The read-only policy above is enough for the watcher. The **reaper** additionally
needs the power to terminate instances (and, optionally, delete the per-instance
idle alarm). This is a privileged grant — add it only if you use `reap`, and
prefer a separate credential scoped to the regions/resources you actually reap:

```json
{
"Sid": "Reaper",
"Effect": "Allow",
"Action": [
"ec2:TerminateInstances",
"cloudwatch:DeleteAlarms"
],
"Resource": "*"
}
```

Drop the `cloudwatch:DeleteAlarms` action if you leave `reap.delete_alarm_template`
unset. You can tighten `Resource`/add `Condition` keys (e.g. a tag condition that
mirrors your `name_prefixes`) for defense in depth.

## Configuration

Credentials live in `.env` (git-ignored). Everything else is in `config.yaml`
(also git-ignored); see `config.example.yaml` for the fully documented template.
Key settings:

- `email.to` / `email.method` (`sendmail` or `smtp`)
- `regions` — `all` or an explicit list
- `digest.hour` — local hour for the daily inventory
- `renotify_hours` — alert de-duplication window
- `alerts.*` — enable/disable each check and tune its thresholds
- `suppress` — resource ids or `name:` to exclude from alerts

## CLI

```
aws_watch.py run # the hourly cron logic (alerts + daily digest)
aws_watch.py report # print full inventory to stdout, send nothing
aws_watch.py digest # force-send a digest now
aws_watch.py test-email # send a test e-mail
aws_watch.py reap # DESTRUCTIVE: preview orphaned-instance reaping
aws_watch.py reap --apply # DESTRUCTIVE: actually terminate (see the reaper section)
```

Useful flags: `--dry-run` (print what would be e-mailed; for `reap`, forces
preview even with `--apply`), `--apply` (`reap` only — really terminate),
`--regions us-east-1,us-east-2`, `--config PATH`, `--env PATH`, `-v`.
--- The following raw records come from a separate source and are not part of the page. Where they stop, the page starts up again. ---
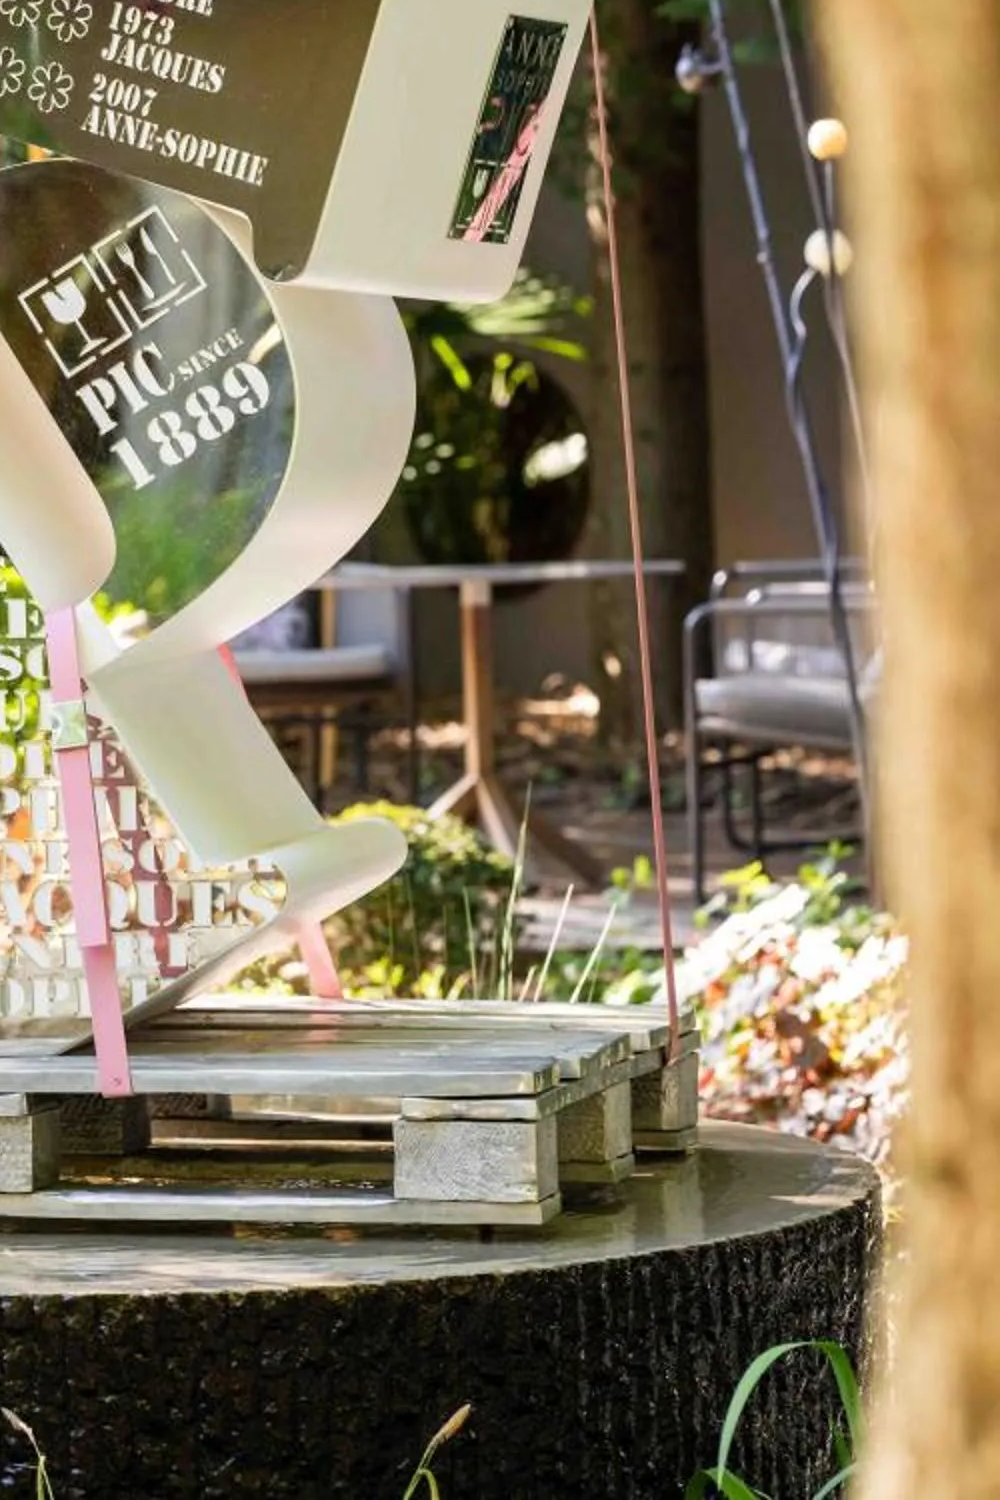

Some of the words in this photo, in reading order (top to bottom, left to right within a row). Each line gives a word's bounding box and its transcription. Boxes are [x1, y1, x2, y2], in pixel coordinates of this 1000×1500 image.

[108, 1, 176, 46] 1973
[88, 72, 159, 117] 2007
[100, 33, 227, 94] JACQUES
[79, 105, 270, 188] ANNE-SOPHIE
[75, 341, 176, 437] PIC
[176, 327, 246, 382] SINCE
[109, 361, 271, 491] 1889
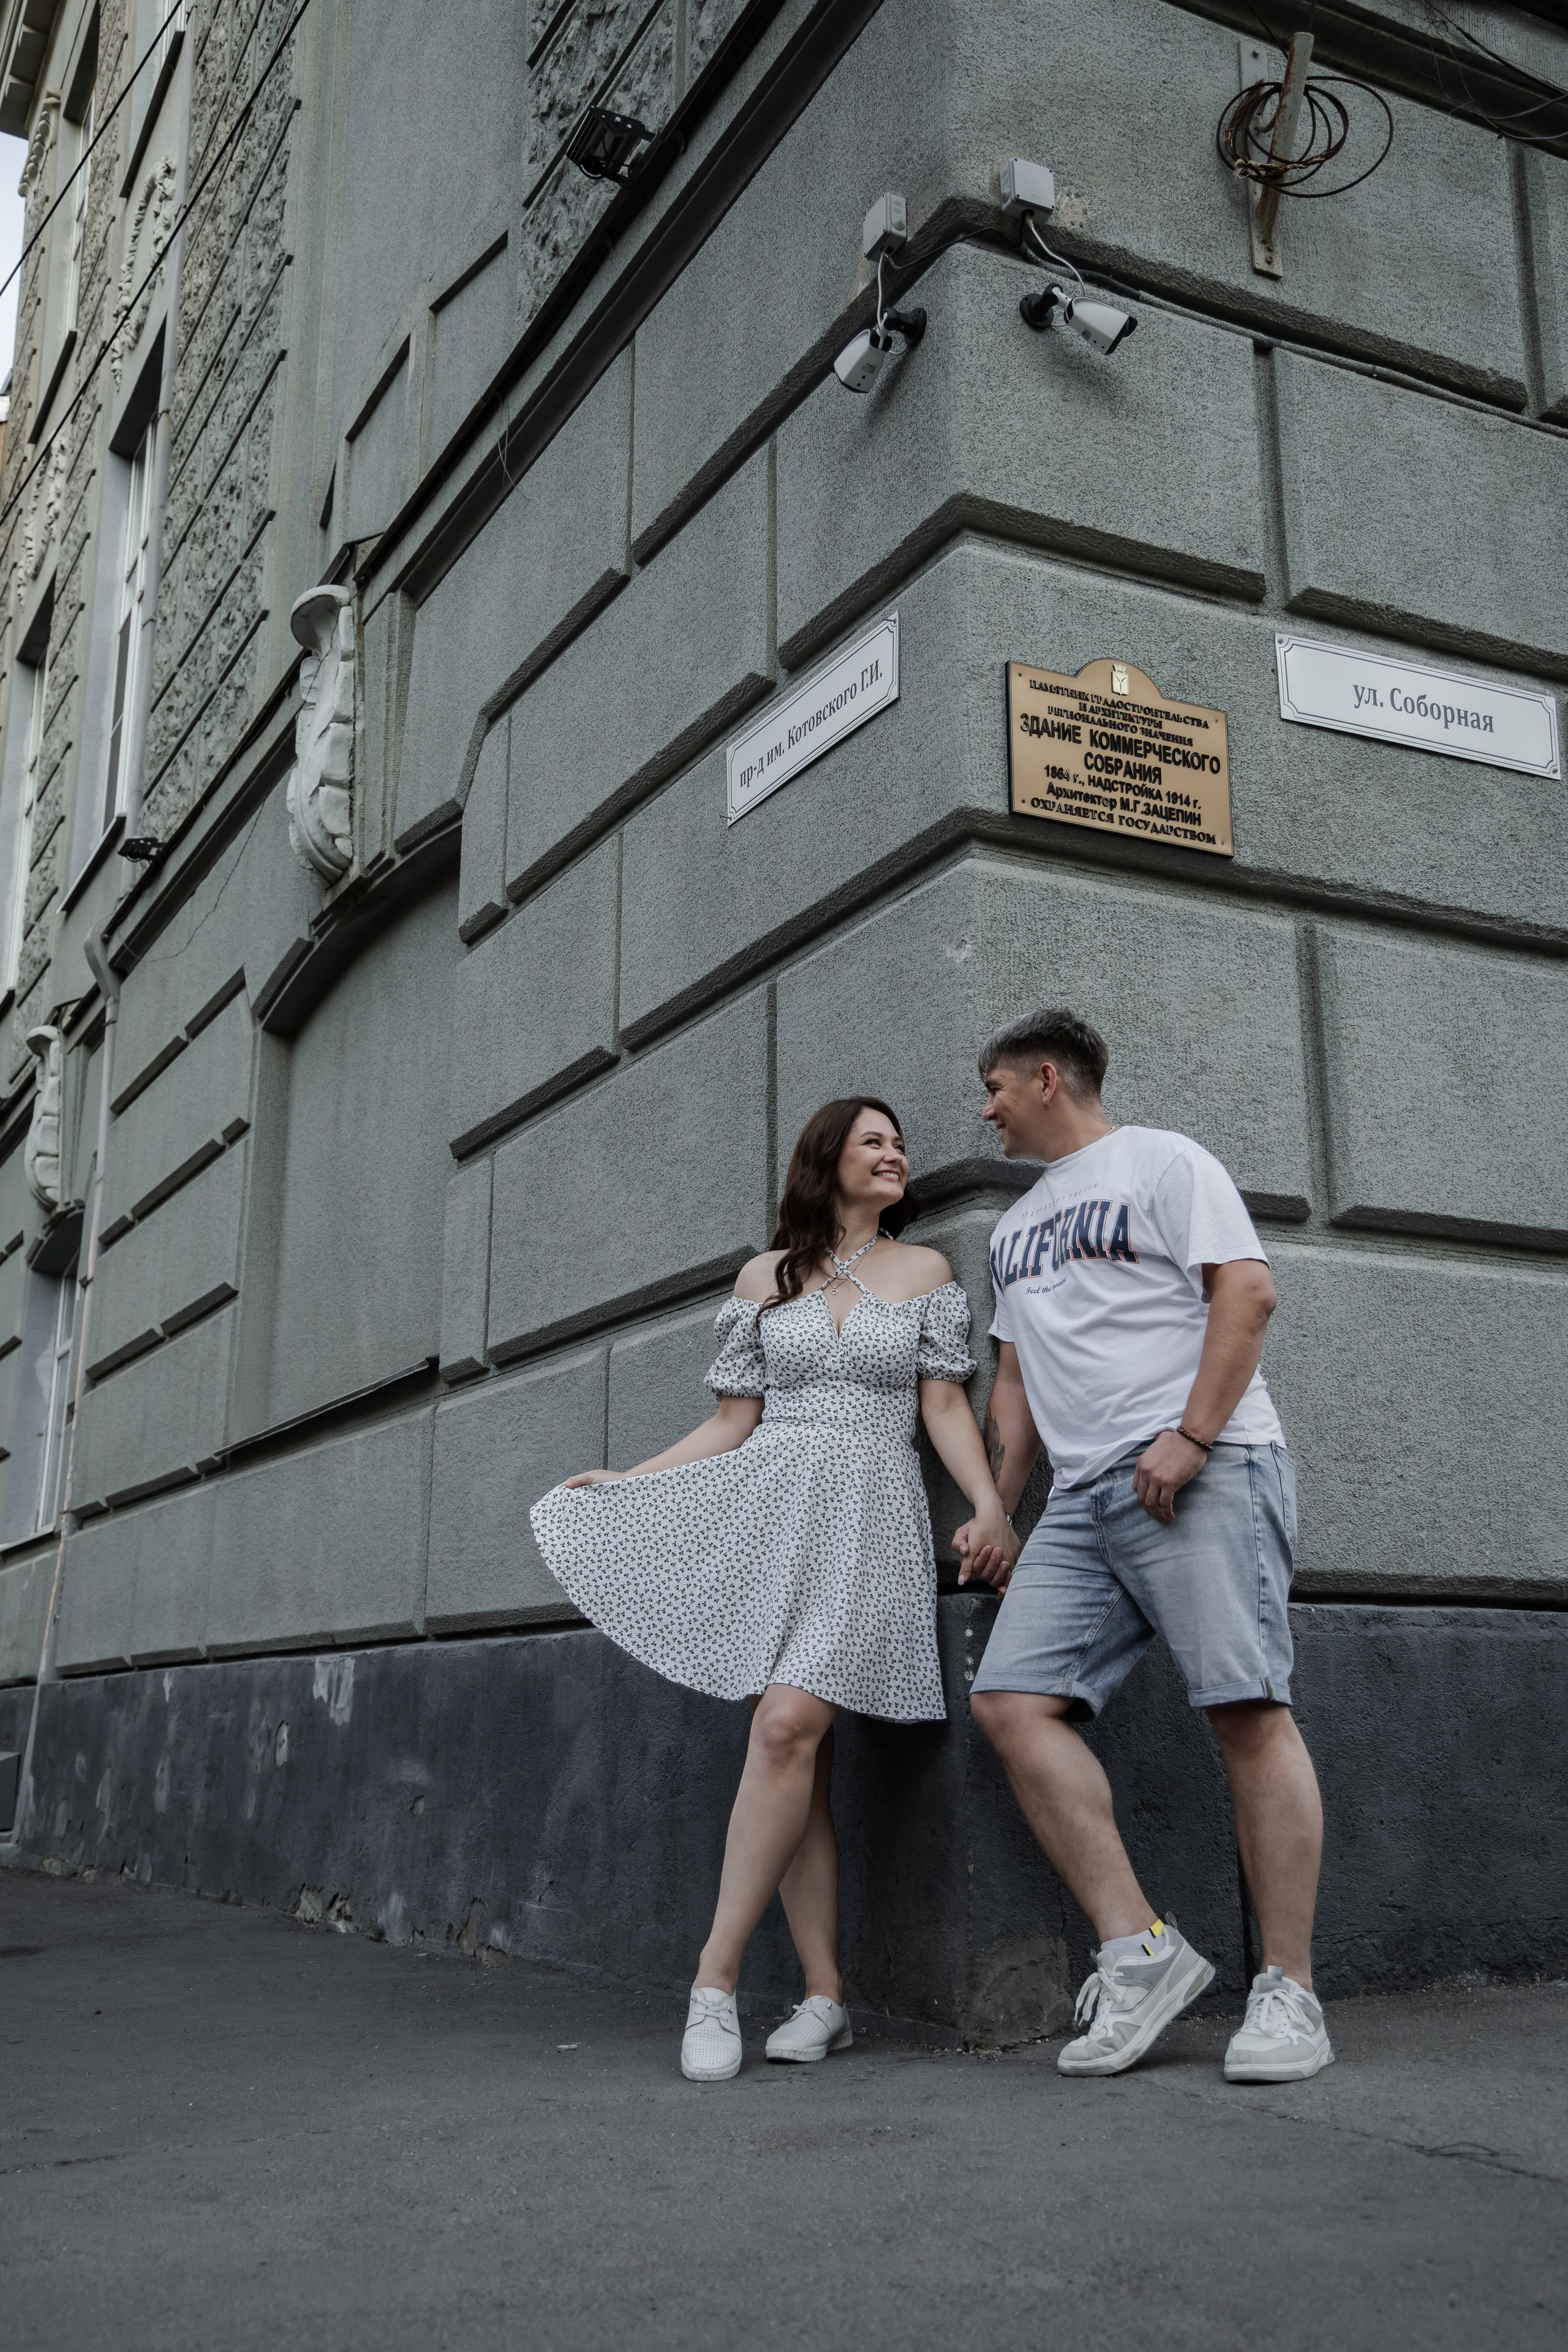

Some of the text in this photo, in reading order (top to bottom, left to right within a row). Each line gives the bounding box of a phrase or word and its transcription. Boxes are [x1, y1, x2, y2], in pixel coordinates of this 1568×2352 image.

[740, 658, 883, 788] пр-д им. Котовского Г.И.
[1030, 679, 1209, 729] ПАМЯТНИК ГРАДОСТРОИТЕЛЬСТВА
[1047, 706, 1194, 747] РЕГИОНАЛЬНОГО ЗНАЧЕНИЯ
[1079, 702, 1163, 729] И АРХИТЕКТУРЫ
[1352, 684, 1494, 733] ул. Соборная
[1020, 713, 1221, 774] ЗДАНИЕ КОММЕРЧЕСКОГО
[1044, 764, 1071, 782] 1864
[1088, 774, 1163, 801] НАДСТРОЙКА
[1165, 791, 1191, 807] 1914
[1193, 799, 1201, 809] г.
[1084, 752, 1162, 785] СОБРАНИЯ
[1046, 782, 1117, 811] Архитектор
[1031, 797, 1216, 845] ОХРАНЯЕТСЯ ГОСУДАРСТВОМ
## A note on S3-compatible endpoints

If the host is configured to use an S3-compatible service (e.g. Wasabi) via
`AWS_ENDPOINT_URL` or `~/.aws/config`, that would otherwise hijack these API
calls. aws_watch ignores the machine-wide AWS config and uses **only** the
credentials in its own `.env`, talking to real AWS endpoints.

## Security

- `.env` is git-ignored and should be `chmod 600`. Never commit real keys.
- Use a dedicated, least-privilege IAM user (policy above).
- If a key is ever pasted somewhere it shouldn't be, rotate it in IAM.

## Development

```sh
python3 -m unittest discover -s tests -v
```

The tests cover the pure logic (alerting, suppression, de-dup, age/load parsing,
the reaper's allowlist/protect/grace/idle decisions, and the no-line-drawing
report guarantee) and make no AWS calls.

## License

GPL-3.0-or-later. See [LICENSE](LICENSE).